Clara sourit en entamant un bol de nouilles

La soupe de nouilles au bœuf de Lanzhou, ou Lánzhōu lāmiàn ("nouilles étirées à la main") pour les connaisseur·ses, est considérée comme une des toutes premières soupes de nouilles. L'histoire dit que le plat a été inventé par l'ethnie hui musulmane pendant la dynastie Tang (618-907 EC). On trouve aujourd'hui des restaurants de Lánzhōu lāmiàn aux quatre coins du pays, souvent tenus par des Hui, et reconnaissables grâce à leur devanture vert-pomme (couleur associée à la cuisine halal).

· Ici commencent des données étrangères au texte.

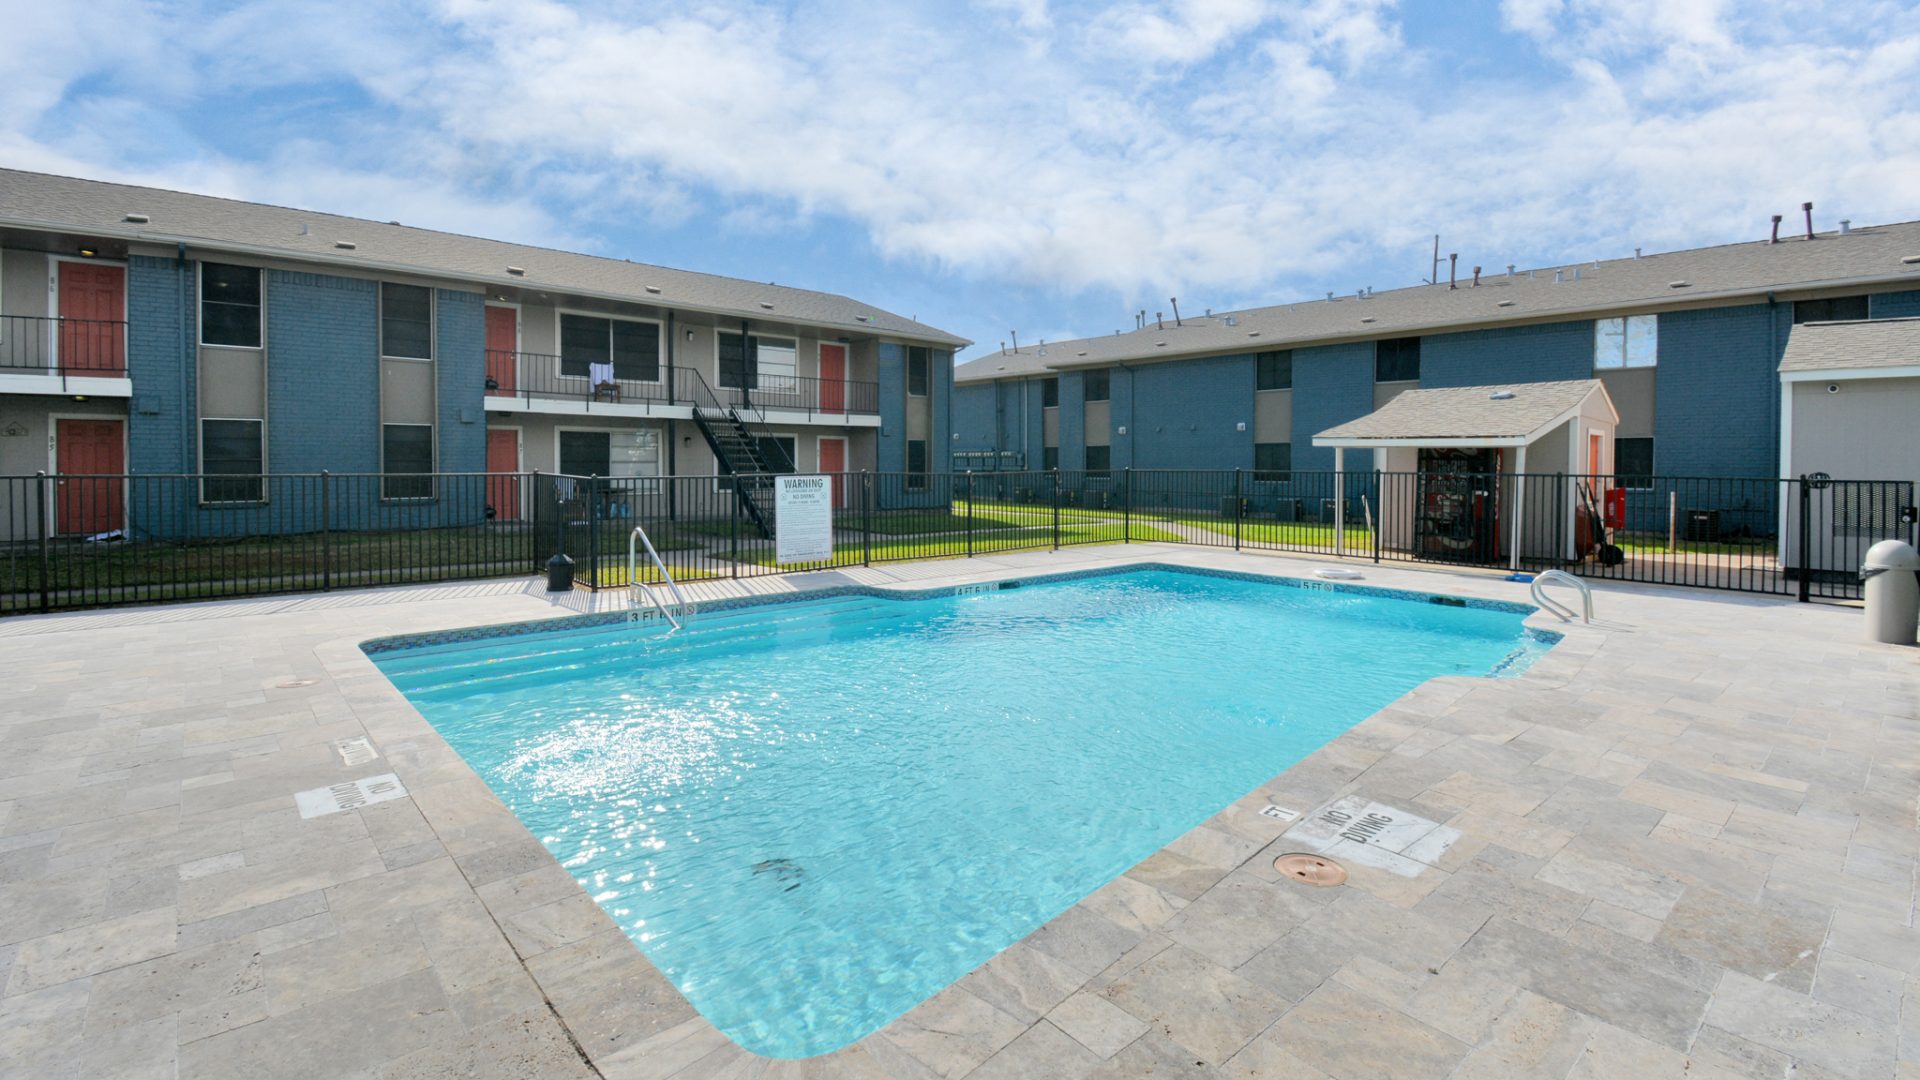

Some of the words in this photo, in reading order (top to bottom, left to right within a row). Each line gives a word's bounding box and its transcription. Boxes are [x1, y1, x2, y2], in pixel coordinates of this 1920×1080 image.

L'influence des Lánzhōu lāmiàn a largement dépassé les frontières de la Chine. Le ramen japonais vient des lāmiàn2. Le laghman d'Asie centrale vient des lāmiàn.

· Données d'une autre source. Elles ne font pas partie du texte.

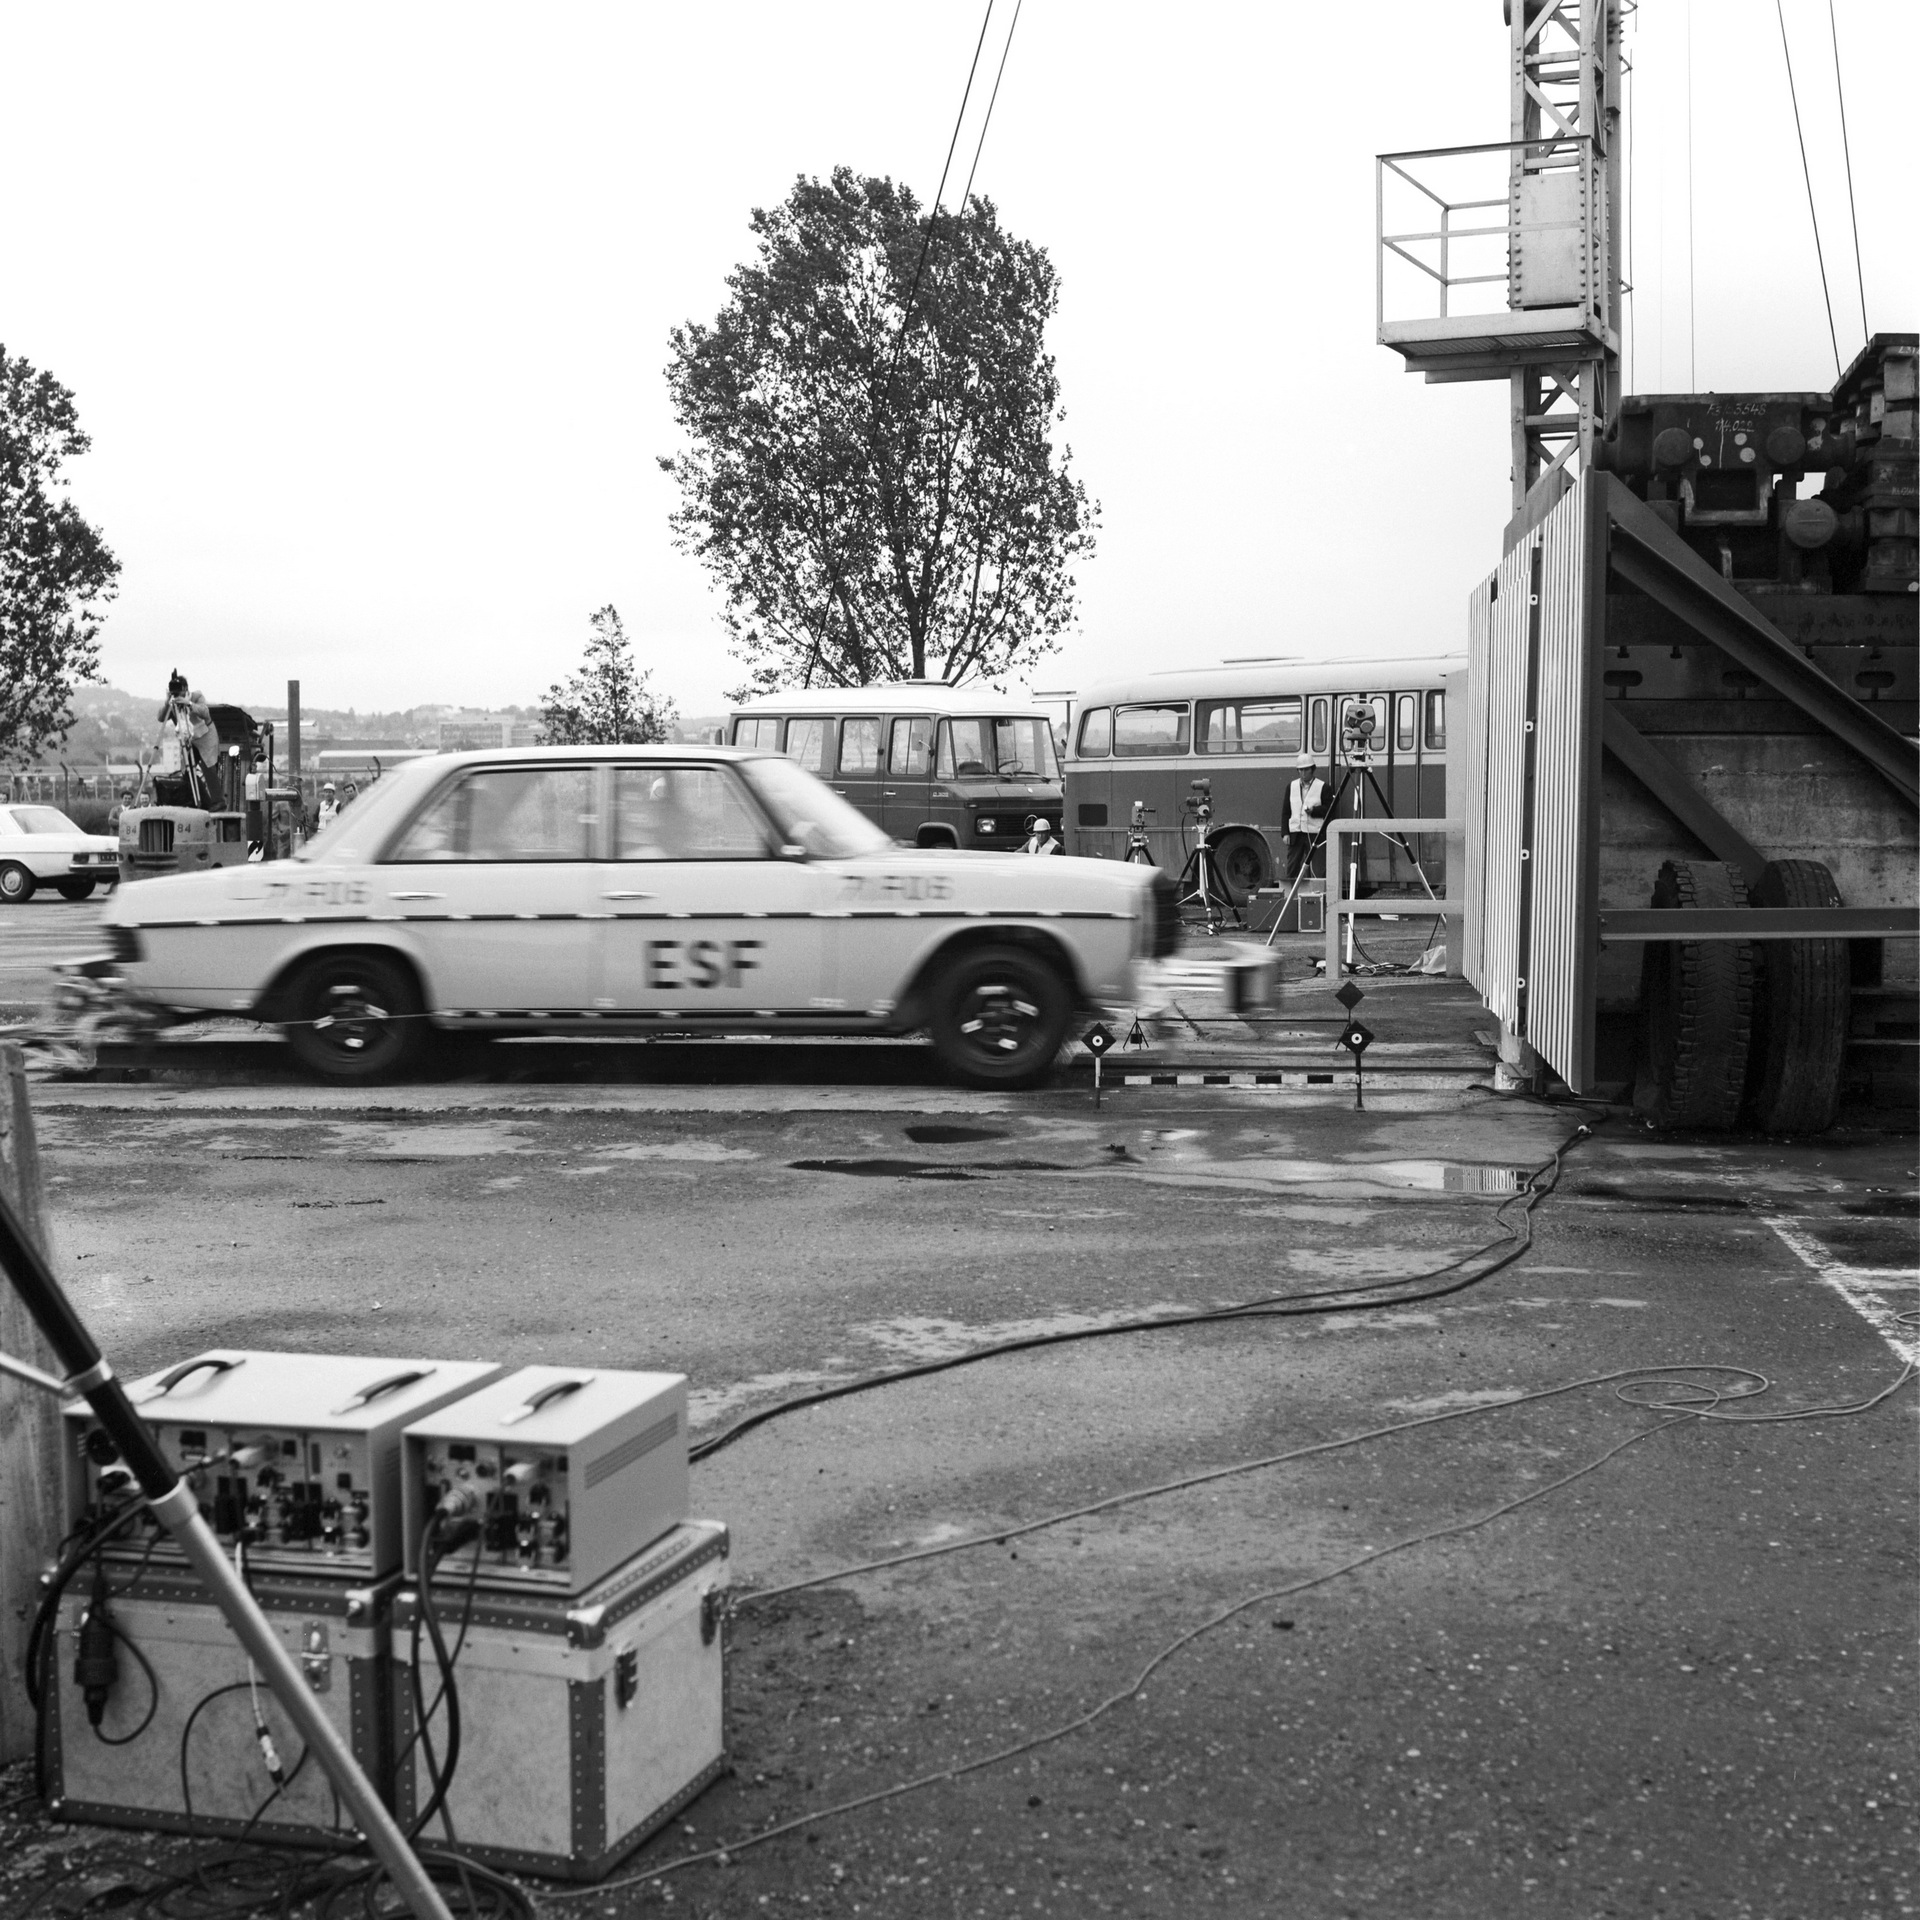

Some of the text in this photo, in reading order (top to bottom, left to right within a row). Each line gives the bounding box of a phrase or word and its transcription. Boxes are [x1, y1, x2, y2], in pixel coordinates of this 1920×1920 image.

[125, 825, 137, 835] 84
[177, 823, 192, 833] 84
[644, 940, 766, 989] ESF

Un bol de Lánzhōu lāmiàn bien réparé suit la composition suivante : "un clair, deux blanc, trois rouge, quatre vert, cinq jaune".

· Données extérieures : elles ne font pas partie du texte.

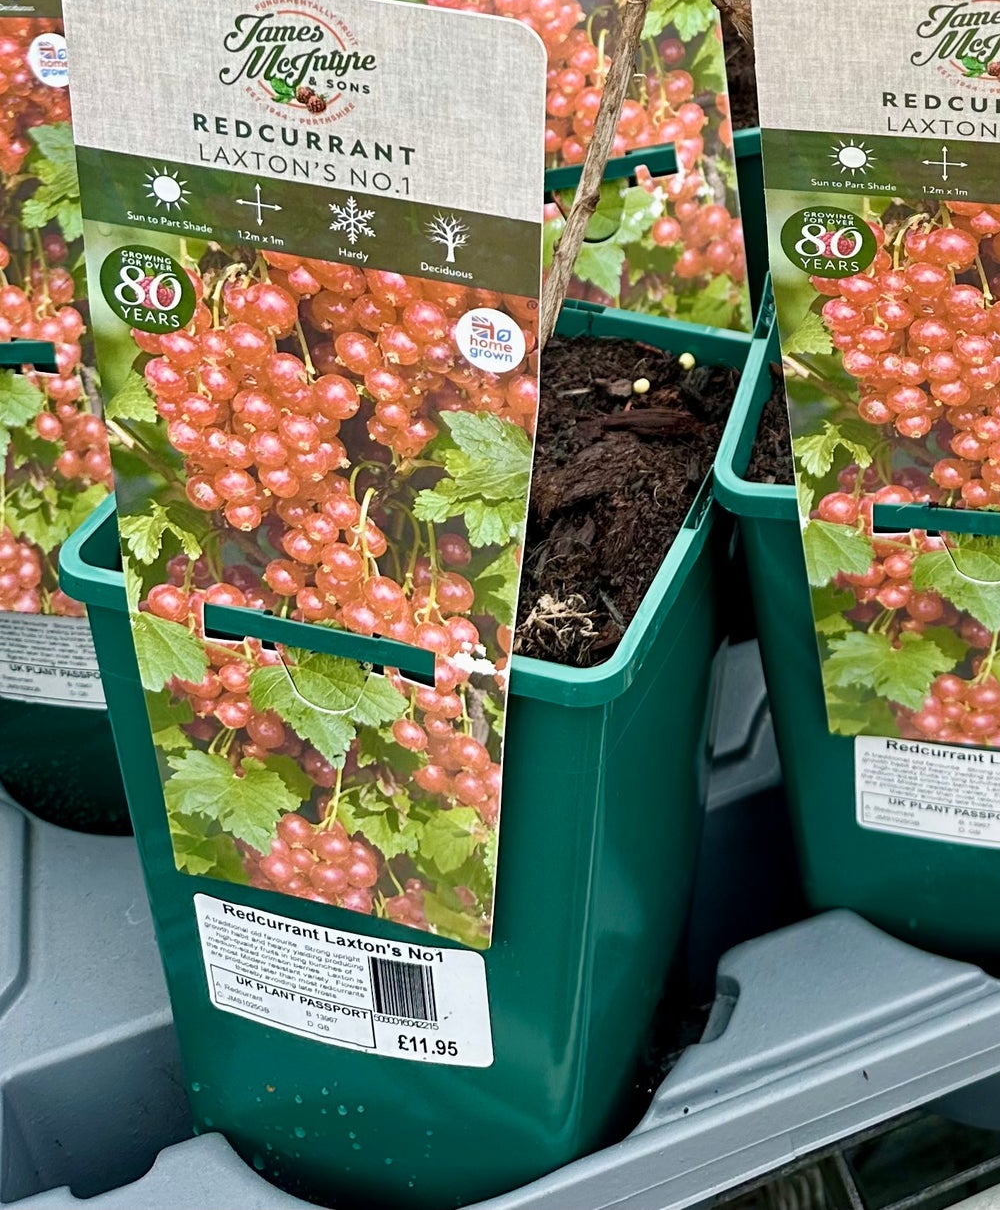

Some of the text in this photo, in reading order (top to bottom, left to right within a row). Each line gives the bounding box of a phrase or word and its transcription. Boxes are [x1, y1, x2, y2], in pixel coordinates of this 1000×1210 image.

[224, 13, 324, 53] James
[337, 20, 359, 47] FRUIT
[41, 69, 68, 77] grow
[219, 44, 377, 88] McIntyre
[309, 77, 370, 94] & SONS
[266, 104, 288, 120] 1944
[300, 102, 356, 126] PERTHSHIRE
[193, 113, 415, 165] REDCURRANT
[200, 143, 410, 195] LAXTON'S NO.1
[845, 181, 865, 189] Part
[867, 183, 897, 191] Shade
[922, 186, 944, 194] 1.2m
[955, 188, 968, 196] 1m
[127, 211, 213, 234] Sun to Part Shade
[804, 212, 854, 220] GROWING
[238, 230, 260, 241] 1.2m
[270, 236, 284, 246] 1m
[795, 224, 863, 258] 80
[121, 250, 172, 265] GROWING
[122, 257, 172, 272] FOR OVER
[338, 248, 369, 263] Hardy
[800, 257, 859, 272] YEARS
[420, 262, 473, 280] Deciduous
[114, 265, 182, 311] 80
[120, 305, 180, 328] YEARS
[470, 335, 513, 353] home
[469, 347, 513, 362] grown
[26, 666, 58, 676] PLANT
[61, 670, 101, 679] PASSPO
[886, 740, 984, 763] Redcurrant
[888, 797, 905, 806] UK
[910, 802, 950, 814] PLANT
[222, 903, 444, 963] Redcurrant Laxton's No1
[325, 958, 364, 971] producing
[333, 953, 360, 962] upright
[236, 976, 369, 1019] UK PLANT PASSPORT
[398, 1035, 458, 1056] £11.95

  1. clair — Le bouillon doit être clair. Contrairement à d'autres soupes de nouilles plus épaisses, le bouillon des Lánzhōu lāmiàn est léger et doux. Il est à base de bœuf, d'herbes et d'épices.
  2. blanc — Les tranches de radis doivent être blanc comme neige.
  3. rouge — La sauce piquante doit être rouge pétant.
  4. vert — Les herbes aromatiques (oignons verts, coriandre...) doivent être fraîches et vertes
  5. jaune — Les nouilles doivent être jaunes. Il s'agit de nouilles de blé, à l'inverse des soupes de nouilles du sud du pays qui ont tendance à utiliser des nouilles de riz.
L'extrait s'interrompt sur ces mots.